Proliferation rates in prostate epithelium were unaffected by p53 deficiency or Pten heterozygosity (Fig. 4A and C, a-e). Thus, inactivation of pRb function in prostate epithelium induces Pten-mediated apoptosis without affecting proliferation levels. The fact that proliferation induction, often associated with Pten inactivation, is not observed is entirely consistent with reports that such effects are mediated upstream of pRb (33). In TgAPT₁₂₁ prostate, pRb function has been inactivated by T₁₂₁; thus, upstream effects would be inconsequential.

Tumor progression and heterogeneity in TgAPT₁₂₁ mice. Although the TgAPT₁₂₁ adenocarcinomas did not become grossly invasive within 22 months of observation, microinvasion was present (Fig. 2A, e, arrow). This stage was accompanied by a desmoplastic host response (Fig. 2A, e, arrowhead) with loosening and separation of a widened stromal cell layer from neighboring epithelial cells. This condition often accompanies invasive cells and has been used as a criteria for the recognition of microinvasive lesions in genetically engineered mouse models (31).

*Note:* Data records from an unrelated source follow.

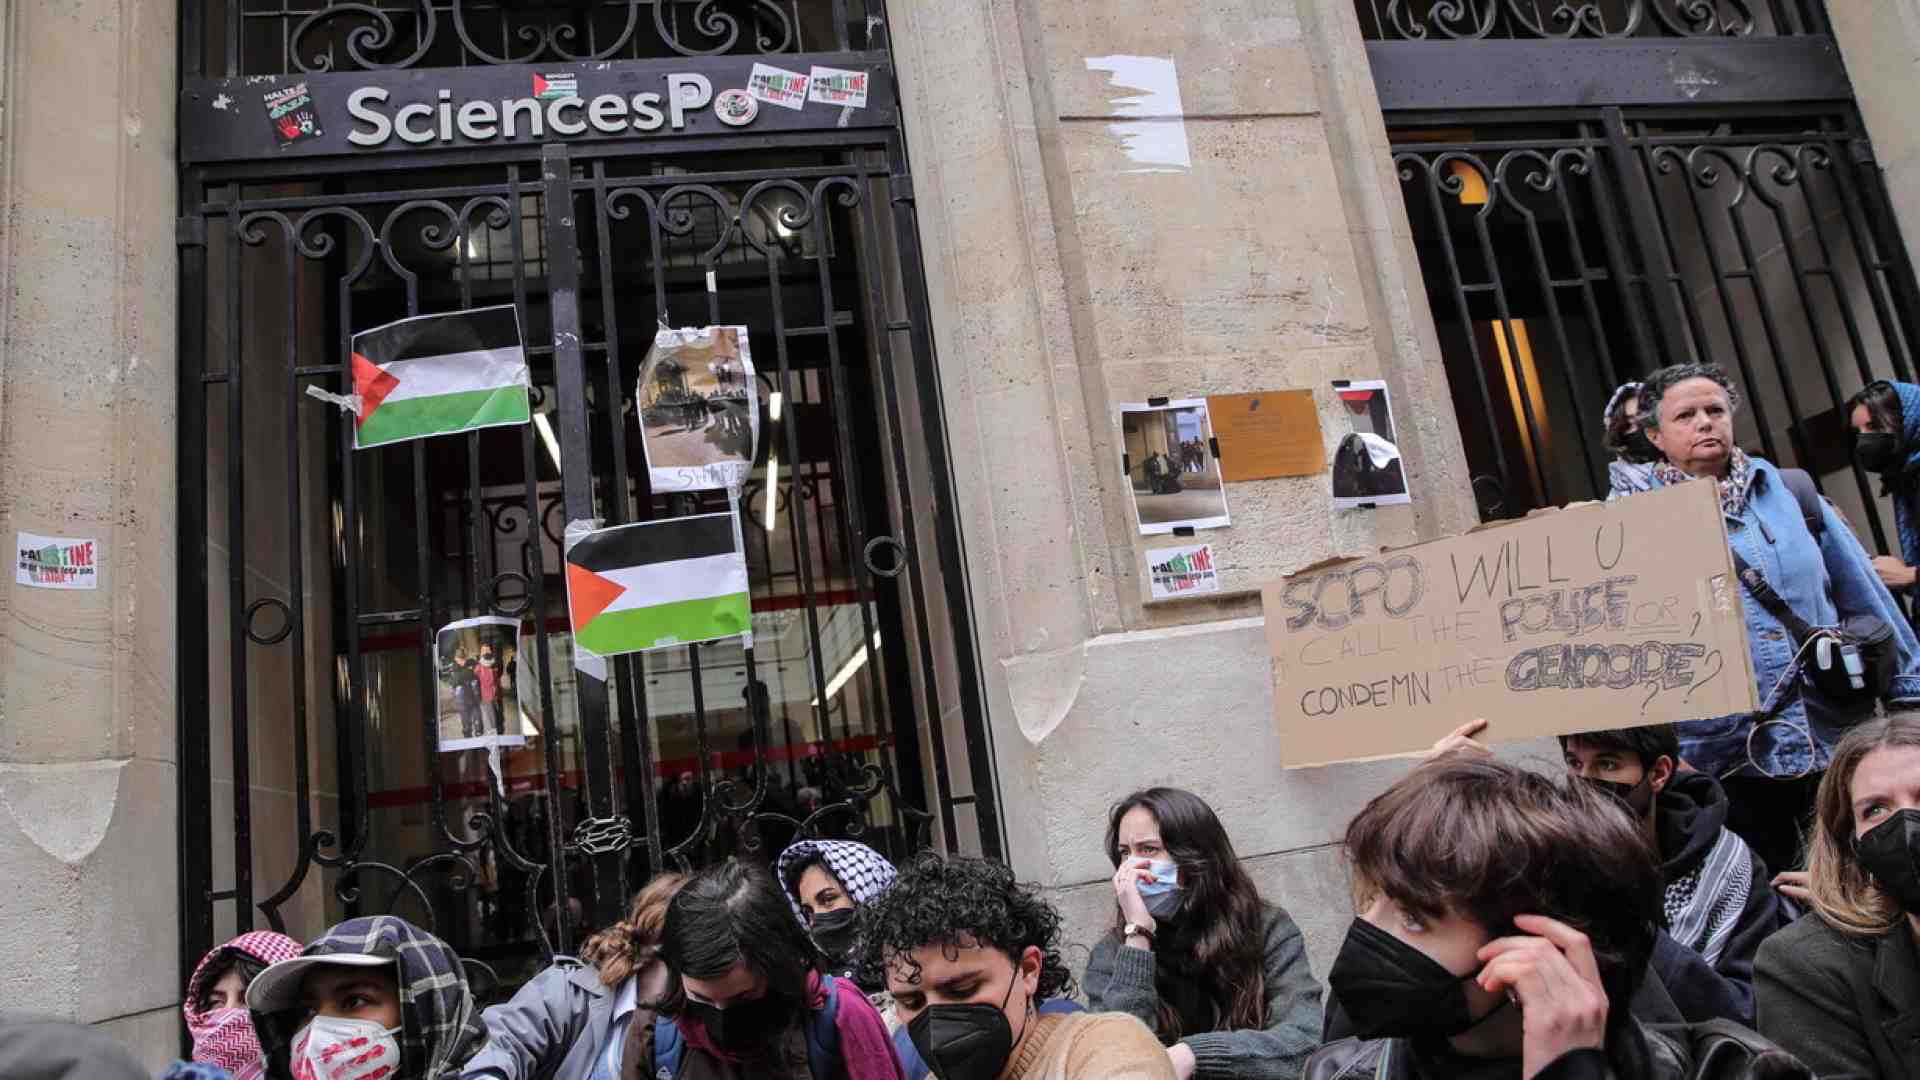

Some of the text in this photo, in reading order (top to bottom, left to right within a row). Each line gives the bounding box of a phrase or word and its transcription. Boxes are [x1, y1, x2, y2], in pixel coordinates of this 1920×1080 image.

[1280, 519, 1625, 632] SCPO WILL U
[1300, 624, 1400, 666] CALL
[1407, 611, 1481, 644] THE
[1500, 575, 1638, 643] POLICE
[1300, 671, 1433, 717] CONDEMN
[1440, 658, 1498, 693] THE

By 16 weeks, TgAPT₁₂₁ mice developed focally invasive well-differentiated adenocarcinomas characterized by groups of small, closely packed acini (Fig. 2A, f, arrow) that had broken through the basement membrane into the stroma beneath a luminal cell layer (Fig. 2A, f, arrowhead, and Fig. 3). In noninvasive lesions in TgAPT₁₂₁ mice, the normally continuous smooth muscle layer is detectable by immunofluorescence for SMA (Fig. 2B, b, arrow). The invasive lesions of TgAPT₁₂₁ mice show a desmoplastic stromal response, and the resulting breakdown of this layer can be visualized indirectly by the loss of staining for SMA (Fig. 2B, c, arrow). The fact that these more severe microinvasive populations and adenocarcinomas coexist in the prostate with the continued presence of mPIN (Fig. 3) means that selective changes are likely required for the progression from mPIN to a more advanced lesion. The multifocal composition of the prostates of TgAPT₁₂₁ mice affords the opportunity to compare the underlying mechanisms producing each lesion.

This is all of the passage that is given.